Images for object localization
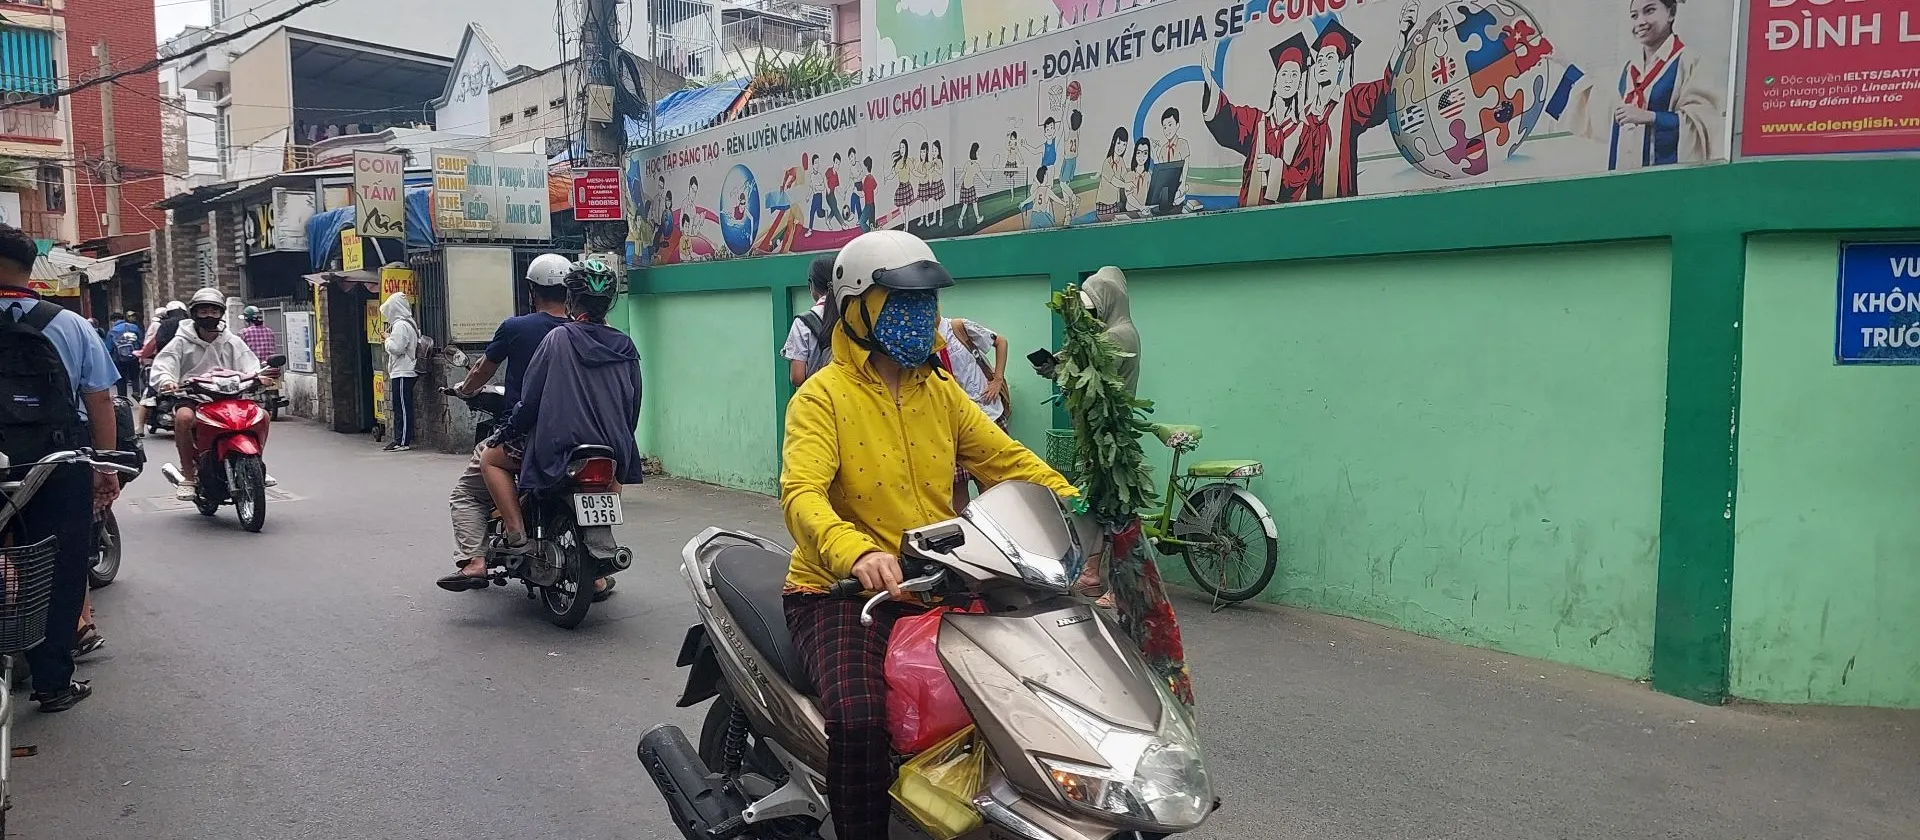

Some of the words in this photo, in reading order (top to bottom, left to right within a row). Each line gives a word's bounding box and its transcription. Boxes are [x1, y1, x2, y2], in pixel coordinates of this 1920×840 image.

[1765, 10, 1881, 50] ĐÌNH
[1781, 75, 1803, 85] Độc
[1806, 72, 1841, 85] quyền
[645, 157, 661, 179] HỌC
[663, 150, 677, 175] TẬP
[679, 145, 700, 167] SÁNG
[702, 141, 720, 166] TẠO
[727, 132, 745, 155] RÈN
[747, 123, 778, 153] LUYỆN
[780, 115, 811, 142] CHĂM
[814, 105, 856, 135] NGOAN
[867, 97, 889, 120] VUI
[893, 83, 927, 116] CHƠI
[931, 75, 971, 106] LÀNH
[976, 61, 1027, 99] MẠNH
[1043, 40, 1099, 79] ĐOÀN
[1106, 22, 1146, 65] KẾT
[1151, 16, 1207, 53] CHIA
[1783, 86, 1825, 98] phương
[1829, 84, 1858, 96] pháp
[1762, 99, 1786, 111] giúp
[1790, 98, 1817, 109] tăng
[1761, 115, 1920, 133] www.dolenglish.vn
[358, 156, 399, 174] CƠM
[362, 180, 396, 201] TẤM
[581, 495, 614, 508] 60-S9
[584, 510, 616, 523] 1356

→ Task requirements
From the first line to the last, write out the data exactly, omitting any pictures.

→ Answer to this exercise
Some of the words in this photo, in reading order (top to bottom, left to right within a row). Each line gives a word's bounding box and its transcription. Boxes are [x1, y1, x2, y2], in pixel coordinates of this 1920×840 image.

[1765, 10, 1881, 50] ĐÌNH
[1781, 75, 1803, 85] Độc
[1806, 72, 1841, 85] quyền
[645, 157, 661, 179] HỌC
[663, 150, 677, 175] TẬP
[679, 145, 700, 167] SÁNG
[702, 141, 720, 166] TẠO
[727, 132, 745, 155] RÈN
[747, 123, 778, 153] LUYỆN
[780, 115, 811, 142] CHĂM
[814, 105, 856, 135] NGOAN
[867, 97, 889, 120] VUI
[893, 83, 927, 116] CHƠI
[931, 75, 971, 106] LÀNH
[976, 61, 1027, 99] MẠNH
[1043, 40, 1099, 79] ĐOÀN
[1106, 22, 1146, 65] KẾT
[1151, 16, 1207, 53] CHIA
[1783, 86, 1825, 98] phương
[1829, 84, 1858, 96] pháp
[1762, 99, 1786, 111] giúp
[1790, 98, 1817, 109] tăng
[1761, 115, 1920, 133] www.dolenglish.vn
[358, 156, 399, 174] CƠM
[362, 180, 396, 201] TẤM
[581, 495, 614, 508] 60-S9
[584, 510, 616, 523] 1356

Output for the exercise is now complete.